Daehan Kwak, Kean University

My colleague Xudong Zhang and I created an undergraduate research study group centered on computer vision, with projects underway on student attention detection, mask and social distancing detection, and pill recognition for healthcare scenarios. As one example, a student created a pill detection application using data from the National Library of Medicine pillbox. This can be used, for example, by high-volume distribution pharmacies to be more efficient and accurate, or by retirement homes to verify the pills a resident is taking. We’re pleased to share that the pill recognition project won third place in the Kean Business Plan Competition and was accepted to be presented at Posters on the Hill 2022.

Matthew Roberts, Macquarie University

The School of Computing at Macquarie University is working to lower the barrier to entry for students who are new to experimenting with ML by employing real-world examples. This month, around fifty students will spend the week testing their ideas for solving autonomous aquatic vehicles challenges (for example, navigation) under guidance from Macquarie University researchers. They will be developing their ideas with a sophisticated simulation environment, and the best solutions will be ready for deployment to real hardware testing in the water later in the year.

A MacSim simulation of the Sydney Regatta Center (created by VRX), a placeholder for a machine learning model, is making random predictions, ready for improvements the students come up with.

Accurately simulated sensors like cameras and LIDAR can be subjected to various models, allowing people to experiment with even more sophisticated ideas to solve complex problems.
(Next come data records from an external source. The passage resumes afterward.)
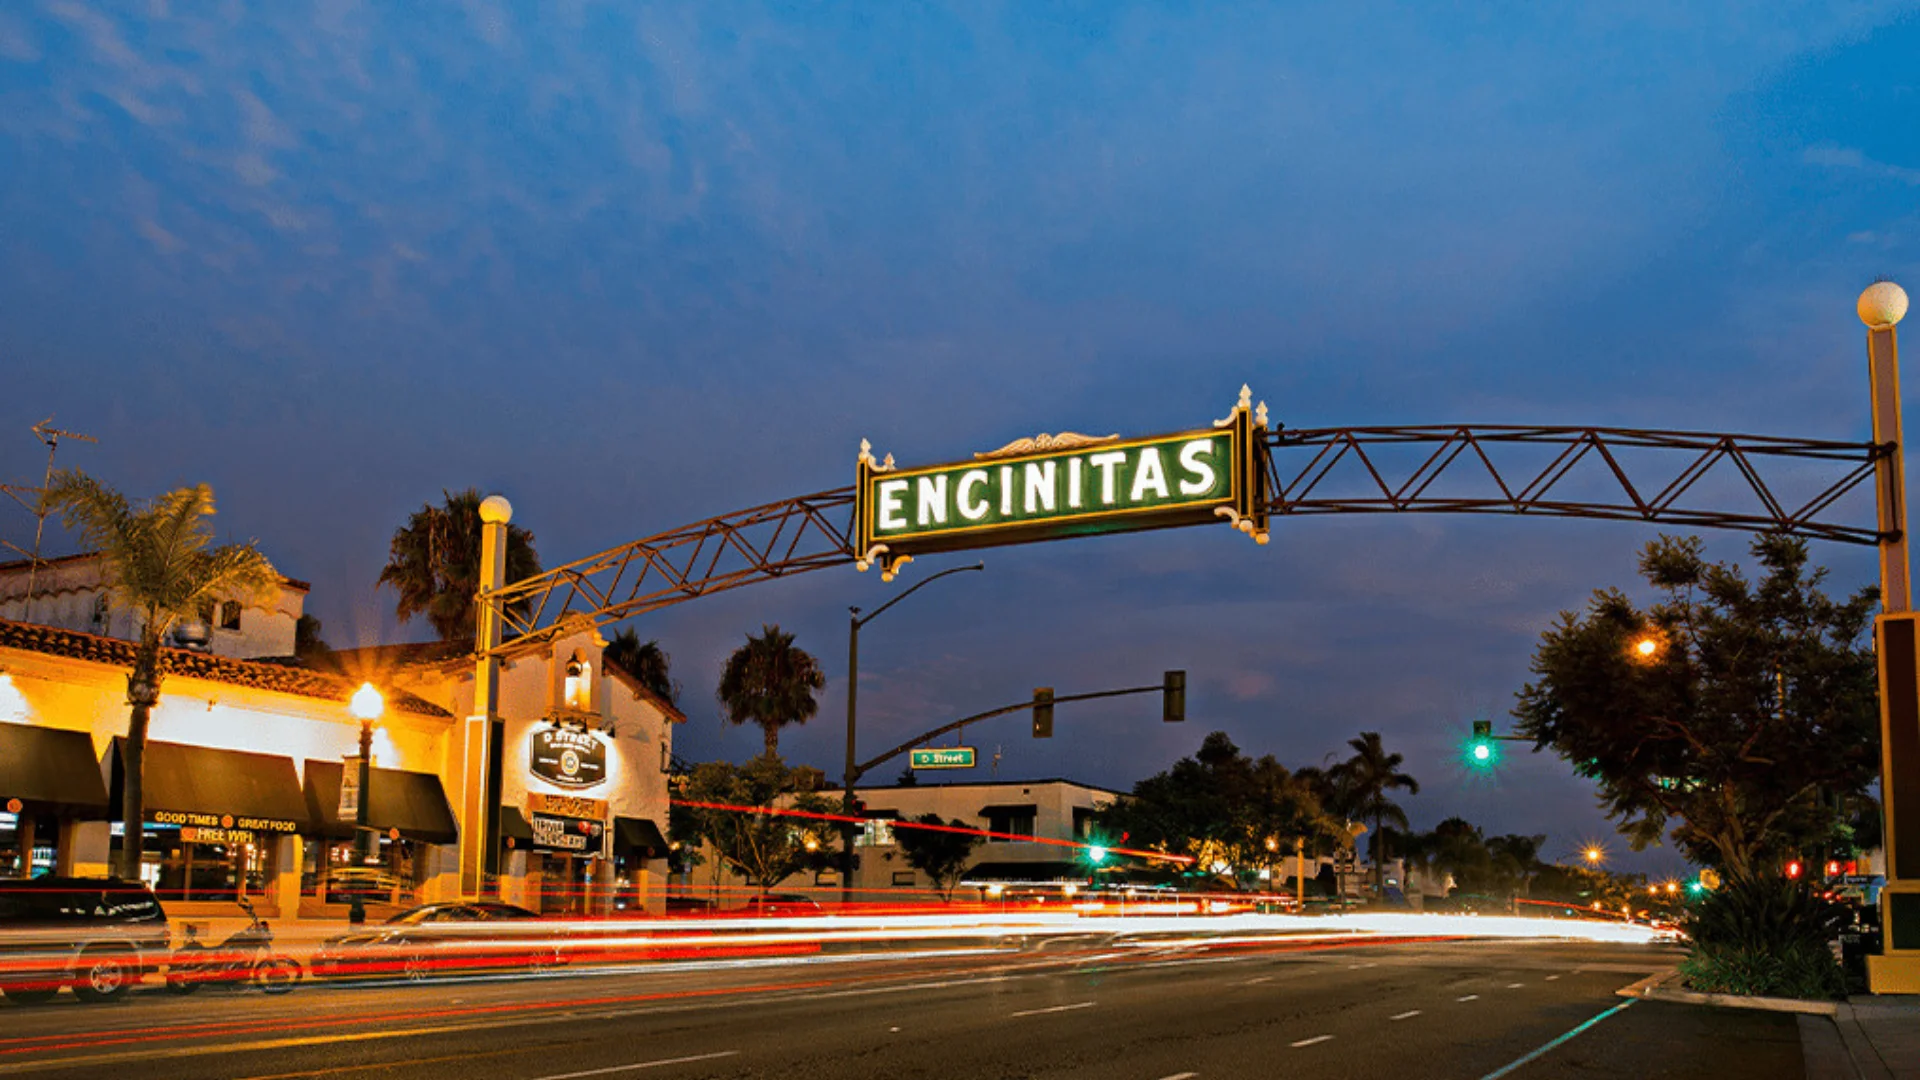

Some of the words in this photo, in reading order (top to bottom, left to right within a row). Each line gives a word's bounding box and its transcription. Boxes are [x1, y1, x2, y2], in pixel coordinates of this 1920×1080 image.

[878, 437, 1217, 530] ENCINITAS
[544, 732, 552, 742] D
[556, 730, 598, 750] STREET
[921, 754, 929, 763] D
[933, 753, 964, 764] Street
[155, 811, 187, 824] GOOD
[188, 814, 218, 826] TIMES
[238, 817, 269, 830] GREAT
[270, 820, 296, 832] FOOD
[198, 826, 225, 841] FREE
After our first year in exploreCSR, the adjustments we made to our simulator and the workshop will generate new ideas and light a spark for machine learning research early in students’ careers.

Pooyan Fazli, San Francisco State University

60+ students from 10 universities and colleges attended our 2-day virtual exploreCSR workshop. Participants were from San Francisco State University, CSU East Bay, CSU San Marcos, CSU Stanislaus, Foothill College, Northwestern University, San Diego State University, Sonoma State University, UC San Diego, and the University of San Francisco.
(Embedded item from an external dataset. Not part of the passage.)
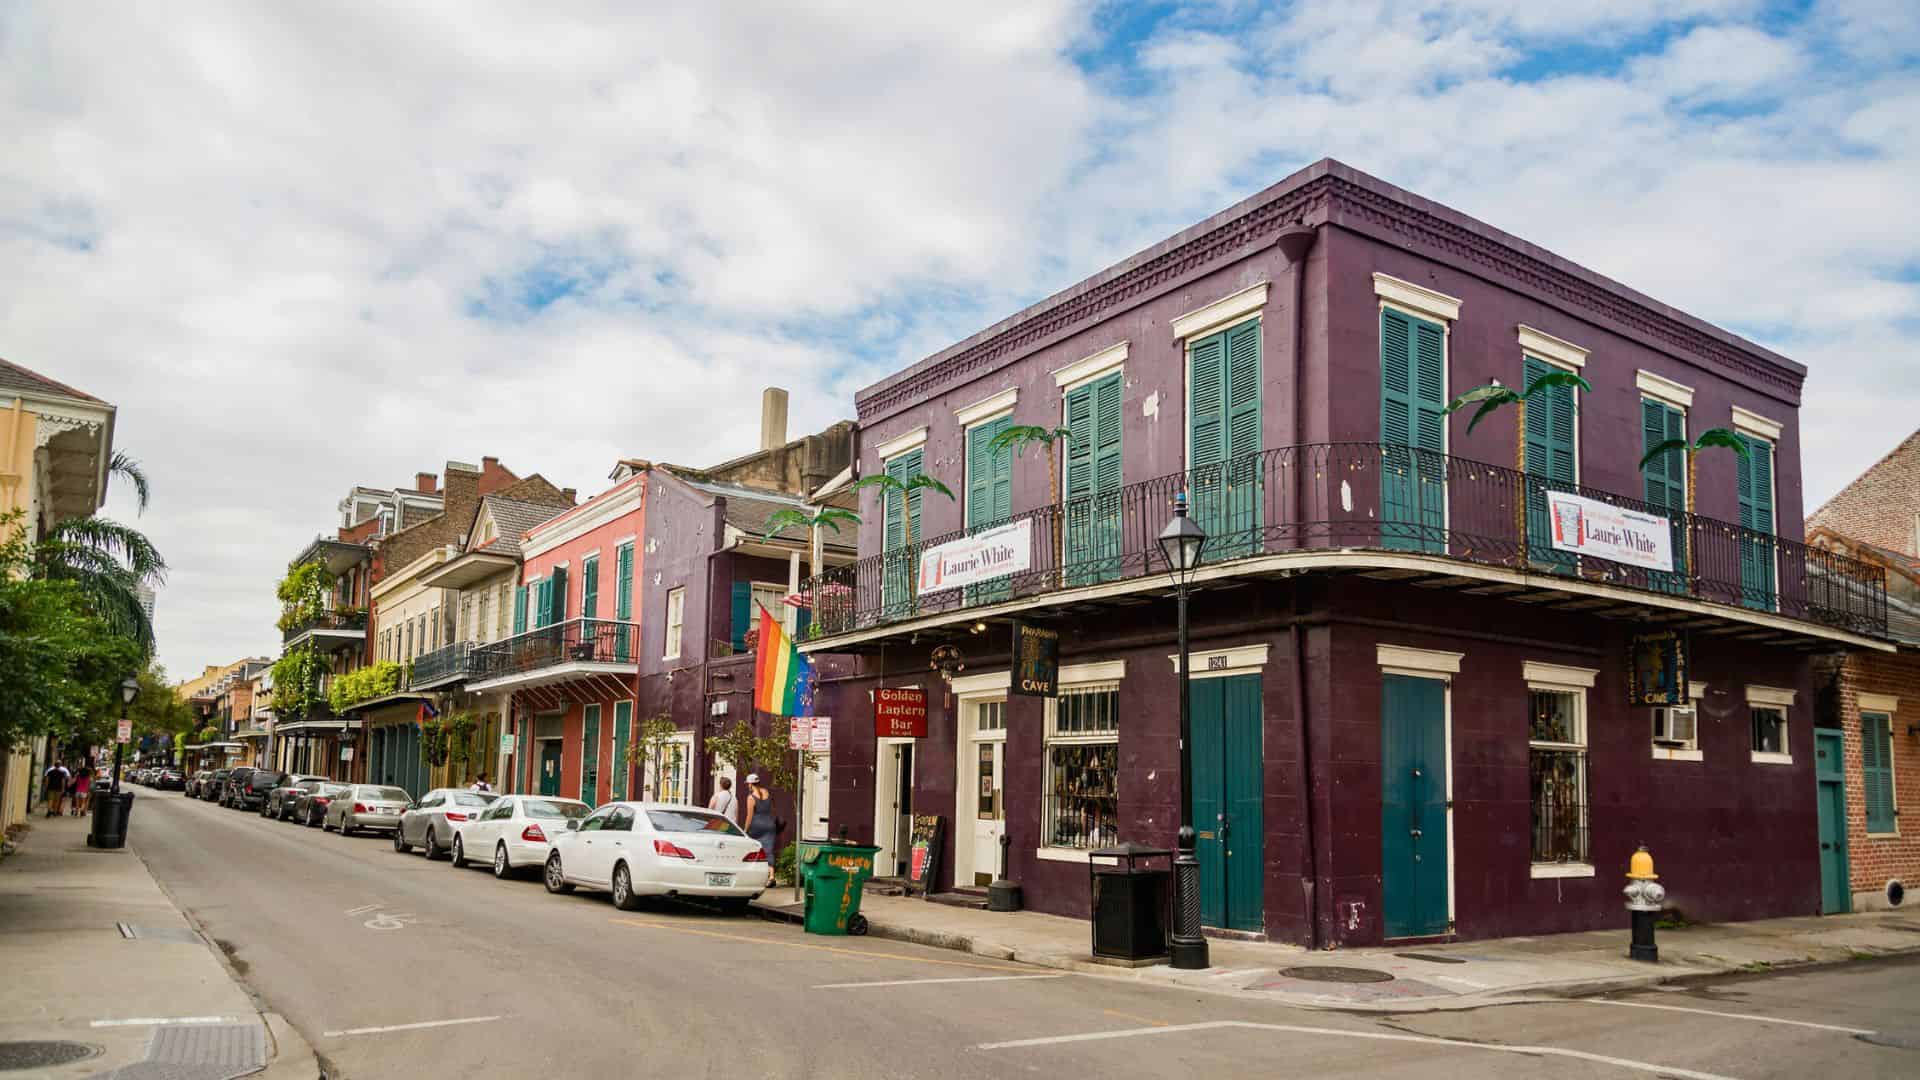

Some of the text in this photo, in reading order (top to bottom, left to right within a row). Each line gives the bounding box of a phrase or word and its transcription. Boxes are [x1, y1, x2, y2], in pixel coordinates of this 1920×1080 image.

We had two invited speakers and two panels on mentorship and career pathways with 10 panelists from Google Research, Stanford, Emory University, Virginia Tech, and the University of Copenhagen.

As part of this workshop, we organized hands-on activities to introduce students to different aspects of AI and its applications for social good, such as with climate change. We also had mini-presentations and discussions on AI fairness, accountability, transparency and ethics in different areas, such as robotics, educational data mining, and impacts on underserved communities.
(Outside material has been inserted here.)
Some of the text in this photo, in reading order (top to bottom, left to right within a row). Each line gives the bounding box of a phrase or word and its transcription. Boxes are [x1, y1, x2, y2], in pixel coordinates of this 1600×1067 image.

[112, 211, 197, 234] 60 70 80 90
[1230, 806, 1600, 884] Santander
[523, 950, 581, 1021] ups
Following the workshop, selected students will participate in a research project under the guidance of graduate students and faculty during the spring semester. Through the research projects, we have a two-fold aim: to help students develop a sense of belonging in the AI and machine learning research community, and to illuminate a pathway for them to pursue graduate studies in AI/ML that explores the potential of developing responsible AI toward social good.

The research projects will begin with eight weekly meetups and hands-on training on Python programming with open-source publicly available materials. Then, students will engage in applied research projects that focus on AI applications for social good, such as health, environment, safety, education, climate change, and accessibility.

Farzana Rahman, Syracuse University

Earlier this year, the Electrical Engineering and Computer Science department of Syracuse University hosted RESORC (REsearch Exposure in Socially Relevant Computing), an exploreCSR program, for the second time. This program provided research exposure to 78 undergraduate students from SU and nearby institutions targeting populations historically underrepresented in computing. The goal of these two workshops was to give students an opportunity to learn machine learning using open-source tools, and to gain experience with data science workflows including collecting and labeling data, training a model, and carefully evaluating it. The ML workshops were the mostly highly rated sessions of the RESORC program.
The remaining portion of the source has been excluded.